Listed Building – Grade II
- Feature: Lifeboat house and slipway (Birnbeck Island)
- Designated: 18 May 1983
- Reference no.: 1137515

= Weston-super-Mare Lifeboat Station =

RNLI lifeboat station In Somerset, England

Weston-super-Mare Lifeboat Station is located in Weston-super-Mare, a seaside town and resort approximately 20 mi south-west of Bristol, on the English side of the Bristol Channel, in North Somerset.

A lifeboat station was established at Weston-super-Mare in 1882 by the Royal National Lifeboat Institution (RNLI). For more than 100 years it was situated on Birnbeck Island but is now temporarily accommodated at Knightstone Harbour, until a new lifeboat station can be built nearby.

The station currently operates a Inshore lifeboat, Alexander (B-875), on station since 2023, and the smaller Inshore lifeboat, The Adrian Beaumont (D-832), on station since 2018.

==History==
At a meeting of the RNLI committee of management, on Thursday 1 June 1882, following a visit to the town by the Chief Inspector of Lifeboats, it was decided to establish a lifeboat station at Weston-super-Mare, and that the cost of the station would be defrayed from the legacy of £500 from the late Colonel William James Holt, provided for the placement of a lifeboat on the shores of the Bristol Channel.

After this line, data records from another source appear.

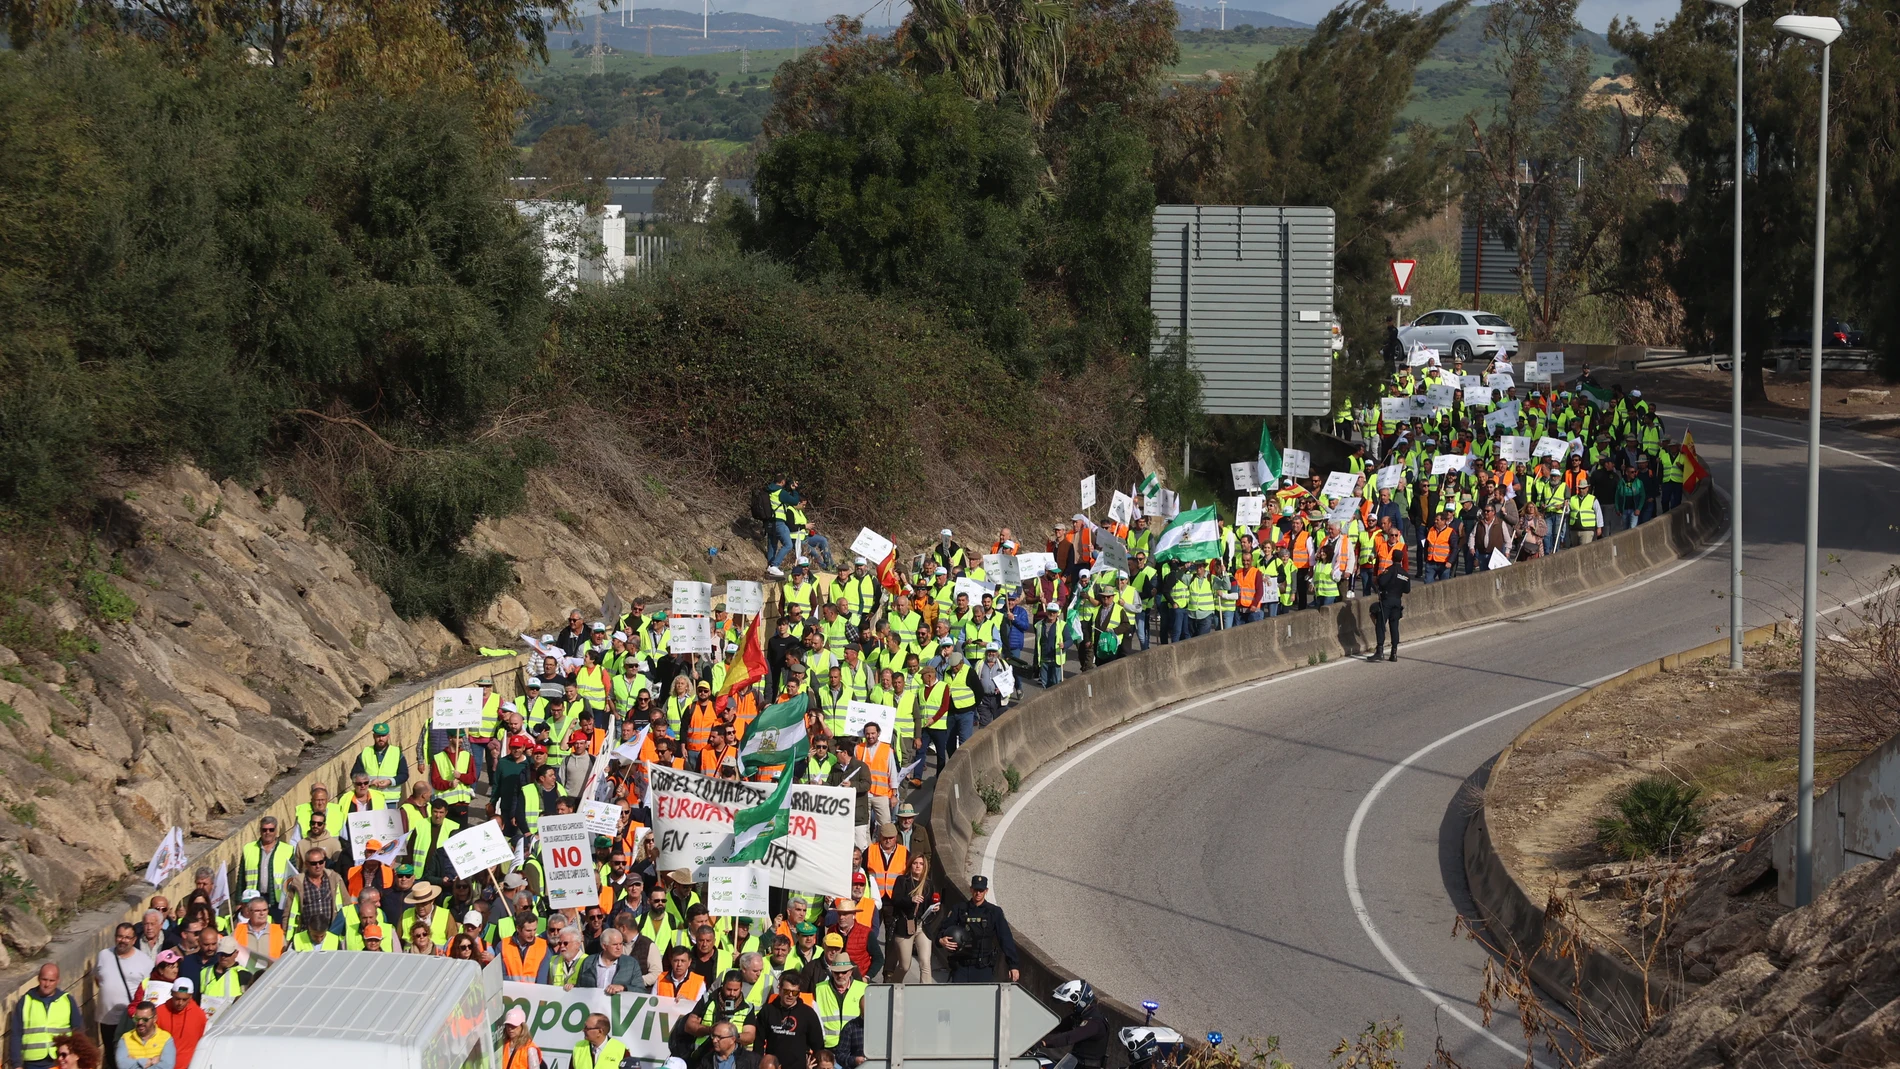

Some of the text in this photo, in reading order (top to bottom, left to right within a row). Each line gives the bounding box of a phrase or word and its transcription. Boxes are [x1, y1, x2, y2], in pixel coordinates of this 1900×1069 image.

[658, 796, 722, 821] EUROPA
[790, 791, 850, 816] ARRUECOS
[552, 846, 582, 868] NO
[502, 993, 685, 1043] mpo Viv
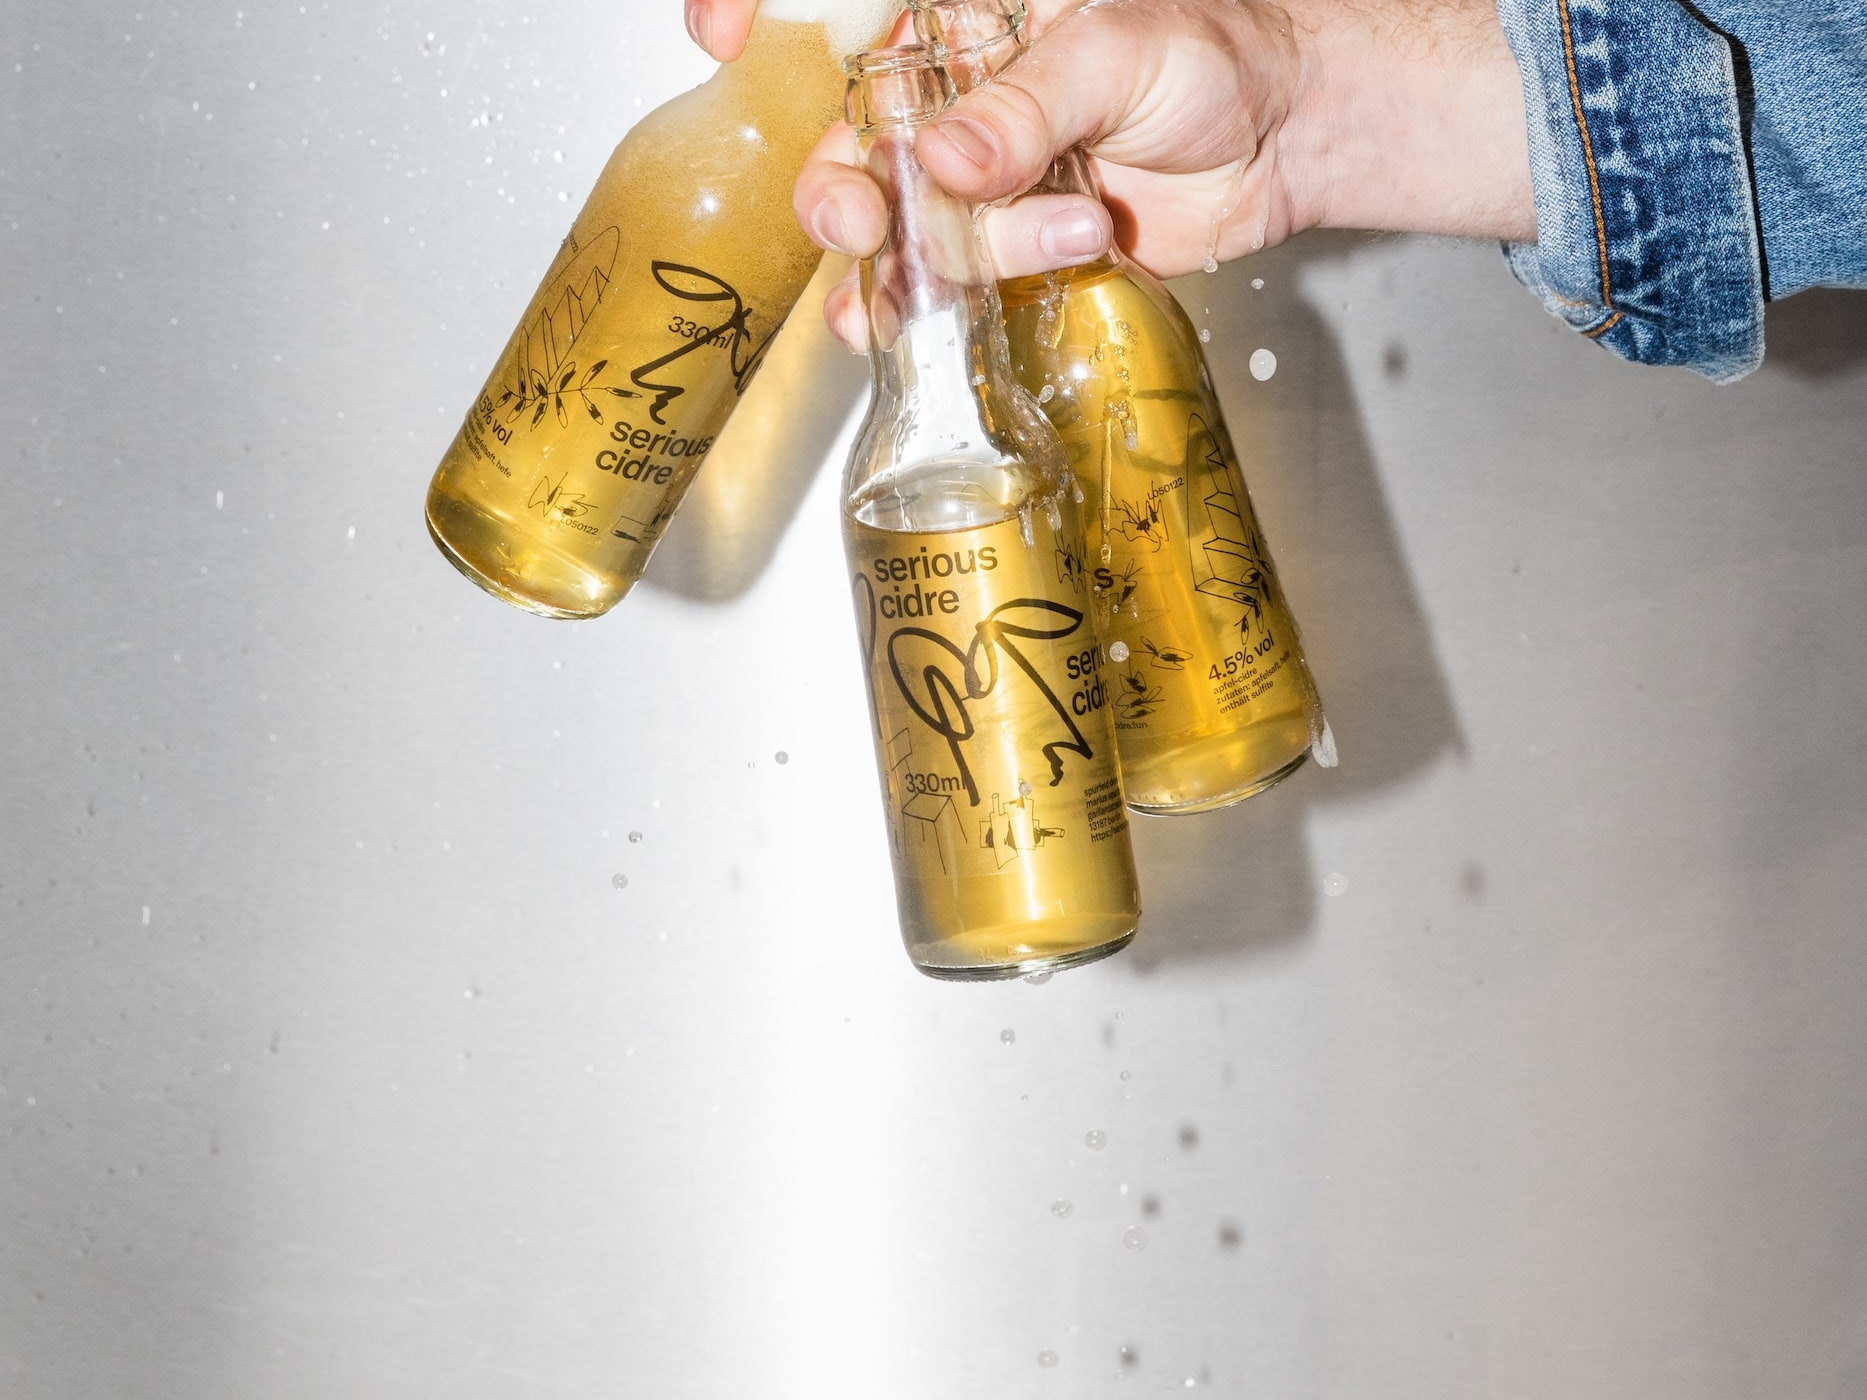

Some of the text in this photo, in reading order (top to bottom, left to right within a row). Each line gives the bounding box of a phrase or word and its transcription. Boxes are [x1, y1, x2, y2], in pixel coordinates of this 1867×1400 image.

[492, 419, 513, 447] vol
[610, 421, 714, 457] serious
[496, 459, 512, 479] hefe
[595, 449, 673, 486] cidre
[1147, 477, 1185, 501] L050122
[874, 546, 999, 583] serious
[879, 583, 961, 620] cidre
[1208, 629, 1275, 681] 4.5% vol
[1213, 667, 1258, 696] apfel-cidre
[1216, 683, 1251, 706] zutaten:
[1220, 680, 1275, 715] enthält sulfite
[1089, 817, 1107, 832] 13187

The Bristol Channel has an extreme tidal range which made it difficult for the RNLI to find a site from which a lifeboat could be easily launched at all states of the tide. In 1882 they installed davits on Birnbeck Pier, which linked the mainland with Birnbeck Island, from which the lifeboat could be launched, like a ship's lifeboat, into the water below, even at low tide. A much smaller than usual lifeboat, at just 25 ft, but suited to launch by davit, was sent to the station on 5 November 1882, and named William James Holt (ON 249), as per the donor's wishes.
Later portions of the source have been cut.